While the vast majority of dinosaurs that ever lived have yet to be found, paleontologists have nonetheless created a few too many names from the stock of dinosaur skeletons found so far. The little beaked herbivore Psittacosaurus is one such example of oversplitting.
Since the time Henry Fairfield Osborn named Psittacosaurus mongoliensis in 1924, researchers have named fourteen other species of this bipedal ceratopsian from the 123 to 100 million year old strata of Asia. And that’s not counting very similar dinosaurs of different genera that lived at the same time. In fact, as reported by University of Pennsylvania researchers Brandon Hedrick and Peter Dodson, sites within the Lujiatun beds of northeastern China’s Yixian Formation have yielded specimens of three different psittacosaurs – P. lujiatunensis, P. major, and Hongshanosaurus houi. Are all these dinosaurs really distinct species that trotted their bristly-tailed selves around the same habitats, or might they all be the varied members of fewer species?
Other researchers had previously suggested that the number of psittacosaur species among the Lujiatun beds might be fewer than the three named, but Hedrick and Dodson decided to revisit the question by examining thirty psittacosaur skulls through a methodology called three-dimensional geometric morphometrics.

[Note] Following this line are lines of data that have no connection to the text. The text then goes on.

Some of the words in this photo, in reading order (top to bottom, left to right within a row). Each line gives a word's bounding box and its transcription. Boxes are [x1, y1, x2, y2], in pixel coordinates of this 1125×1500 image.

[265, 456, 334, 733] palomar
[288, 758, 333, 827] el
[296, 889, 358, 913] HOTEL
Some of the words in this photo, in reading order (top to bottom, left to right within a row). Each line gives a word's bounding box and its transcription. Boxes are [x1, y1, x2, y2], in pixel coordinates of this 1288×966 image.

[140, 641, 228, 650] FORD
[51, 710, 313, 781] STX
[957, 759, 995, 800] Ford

Using specific landmarks found on each skull, the technique allowed the researchers to quantify differences in skull shapes and investigate how many distinct forms there were among the sample.
But distinct shapes don’t necessarily reflect distinct species. Disparate skull shapes, Hedrick and Dodson point out, can be a result of differences in age, sex, geographic location, or a variety of other factors. To determine how many species the psittacosaur skull shapes represent, Hedrick and Dodson paired the morphometric analysis with a reexamination of the specific skull characters said to uniquely distinguish P. lujiatunensis, P. major, and Hongshanosaurus houi from each other.

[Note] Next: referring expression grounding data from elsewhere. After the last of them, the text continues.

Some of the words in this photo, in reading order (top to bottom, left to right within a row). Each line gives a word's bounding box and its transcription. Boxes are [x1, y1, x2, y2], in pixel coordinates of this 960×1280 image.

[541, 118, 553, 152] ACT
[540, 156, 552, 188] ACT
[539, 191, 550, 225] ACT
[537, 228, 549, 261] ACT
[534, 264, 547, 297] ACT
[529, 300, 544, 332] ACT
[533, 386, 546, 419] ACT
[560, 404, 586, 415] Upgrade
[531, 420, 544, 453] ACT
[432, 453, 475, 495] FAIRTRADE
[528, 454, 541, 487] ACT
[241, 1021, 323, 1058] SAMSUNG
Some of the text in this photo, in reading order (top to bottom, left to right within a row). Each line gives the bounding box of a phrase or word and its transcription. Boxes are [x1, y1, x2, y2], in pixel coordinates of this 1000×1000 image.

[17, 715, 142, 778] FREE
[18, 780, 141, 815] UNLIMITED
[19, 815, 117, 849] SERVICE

The dinosaur skulls were not so different. All the skull shapes fell into a single cluster, with the main differences owing to the ways the bones were smushed and altered after burial rather than in-life anatomy. The afterlife of the dinosaurs created variations that were mistaken for species differences. Combined with the reexamination of specific skull characters, Hedrick and Dodson found that the Lujiatun beds hold only only psittacosaur species – Psittacosaurus lujiatunensis.
(There is some taxonomic wrangling in this decision, as Hongshanosaurus houi was named before the other two, but Hedrick and Dodson make the case that P. lujiatunensis should be retained as the name for this dinosaur on the basis of better fossil material.)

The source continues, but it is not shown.